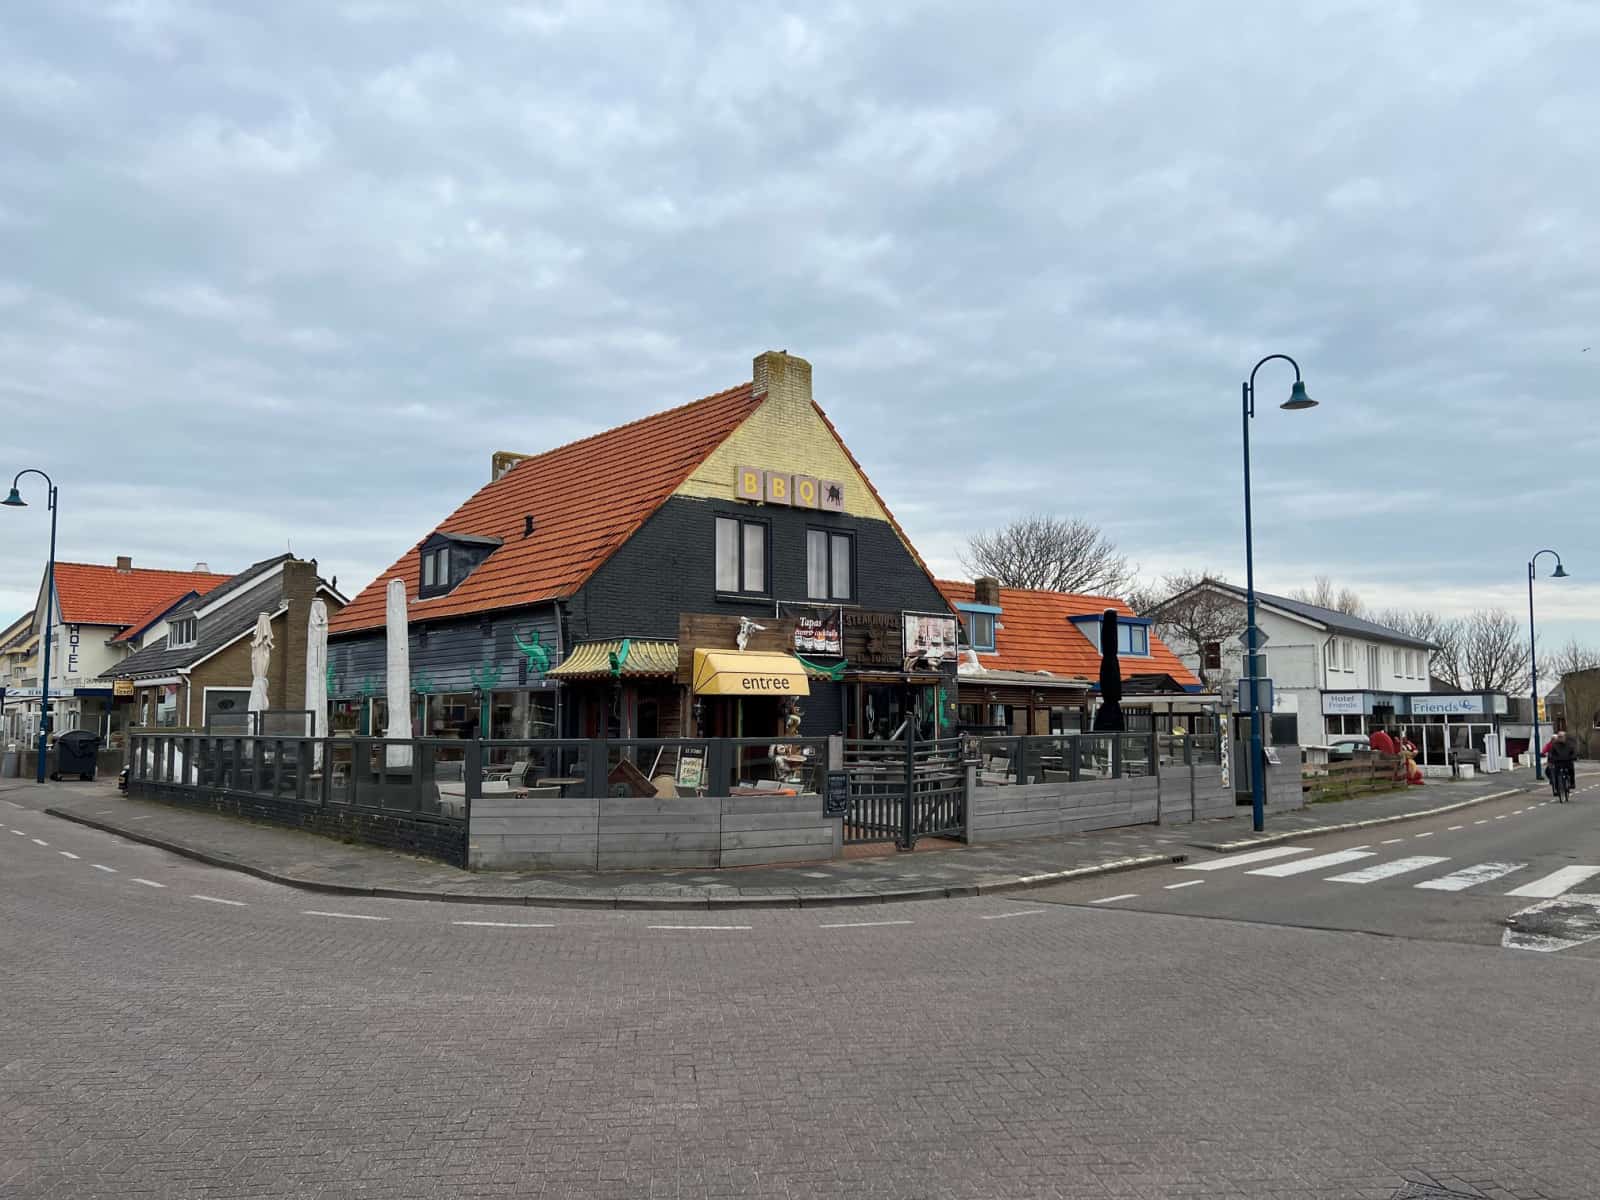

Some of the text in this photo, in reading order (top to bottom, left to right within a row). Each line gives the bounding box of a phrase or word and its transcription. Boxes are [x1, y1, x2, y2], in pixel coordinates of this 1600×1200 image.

[744, 472, 814, 507] BBQ
[800, 616, 822, 629] Tapas
[845, 614, 899, 626] STEAKHOUSE
[68, 624, 79, 672] HOTEL
[742, 677, 790, 690] entree
[1331, 695, 1354, 703] Hotel
[1413, 702, 1459, 713] Friends
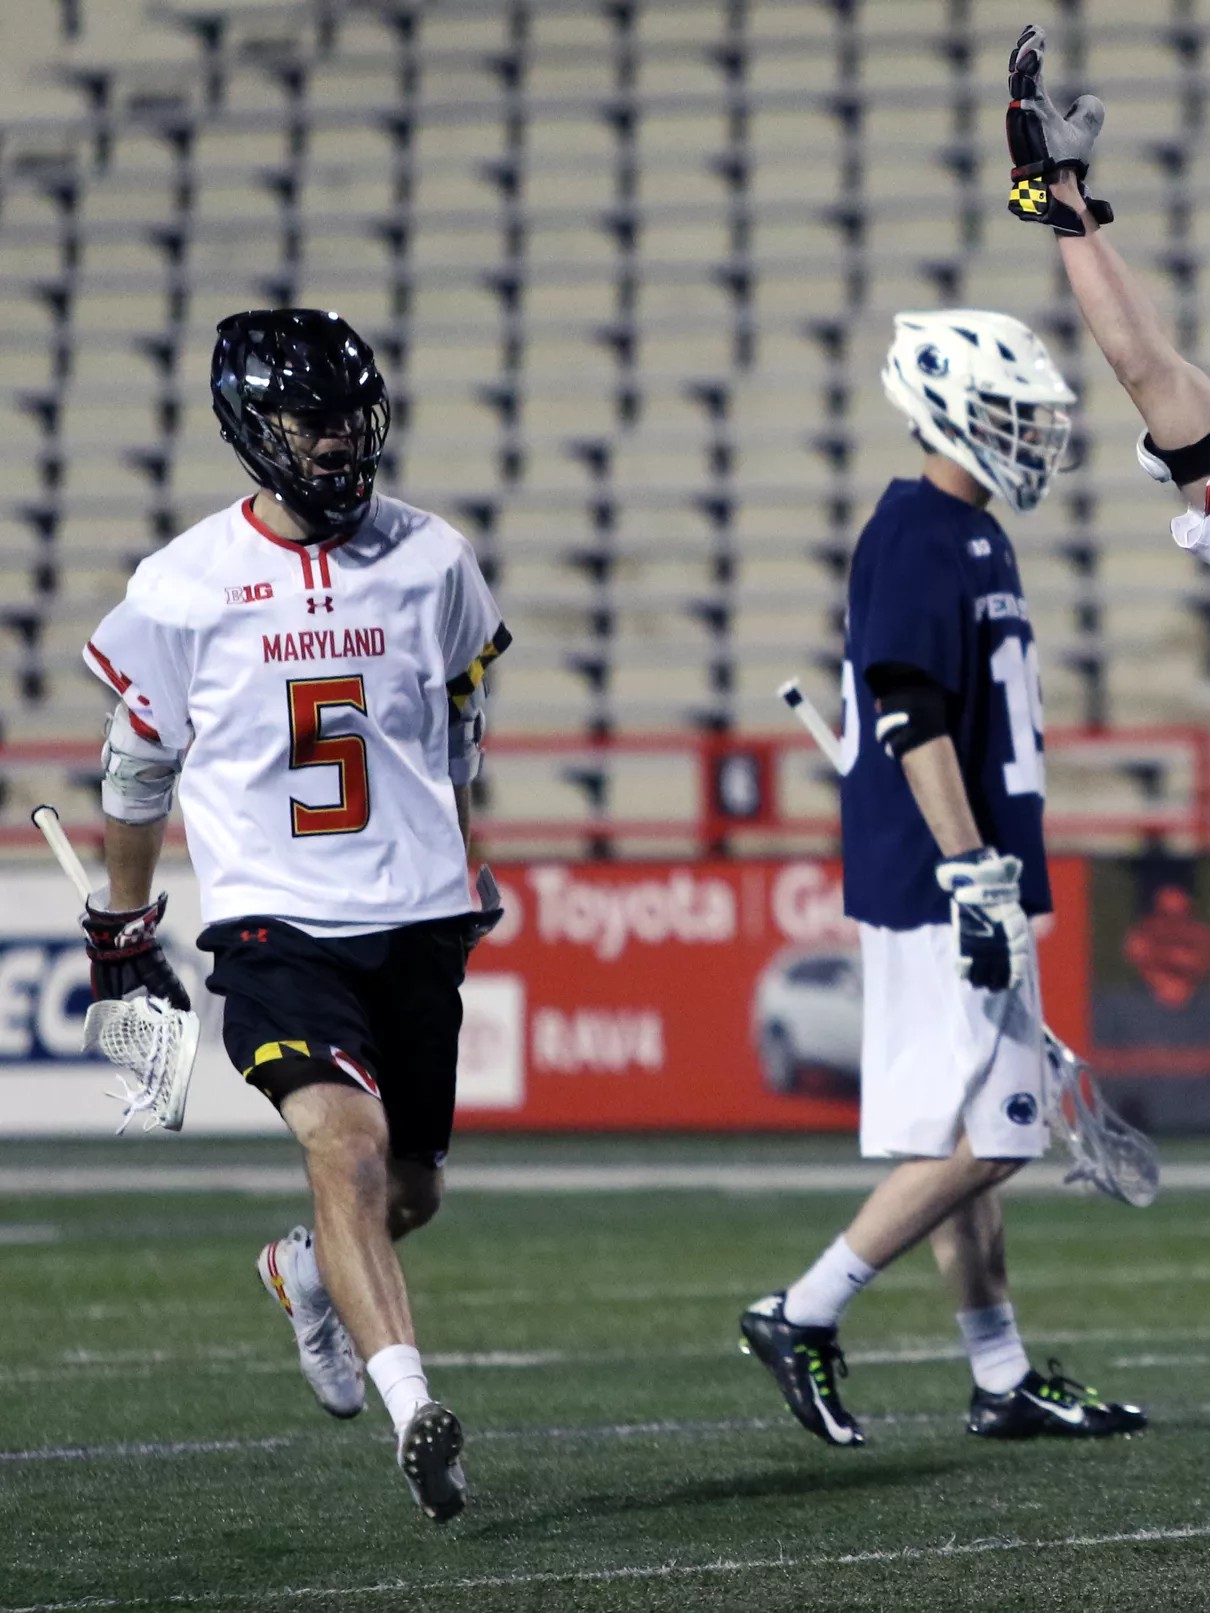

· · · · · · ·

> [Task to carry out]: The answer is the listing above repeated verbatim, minus its images.

> [Answer]:
Some of the text in this photo, in reading order (top to bottom, left to right within a row). Each line gives the bounding box of a phrase or word and its transcription. Boxes are [x1, y1, x2, y2], in pixel coordinates of this 1600×1200 image.

[744, 472, 814, 507] BBQ
[800, 616, 822, 629] Tapas
[845, 614, 899, 626] STEAKHOUSE
[68, 624, 79, 672] HOTEL
[742, 677, 790, 690] entree
[1331, 695, 1354, 703] Hotel
[1413, 702, 1459, 713] Friends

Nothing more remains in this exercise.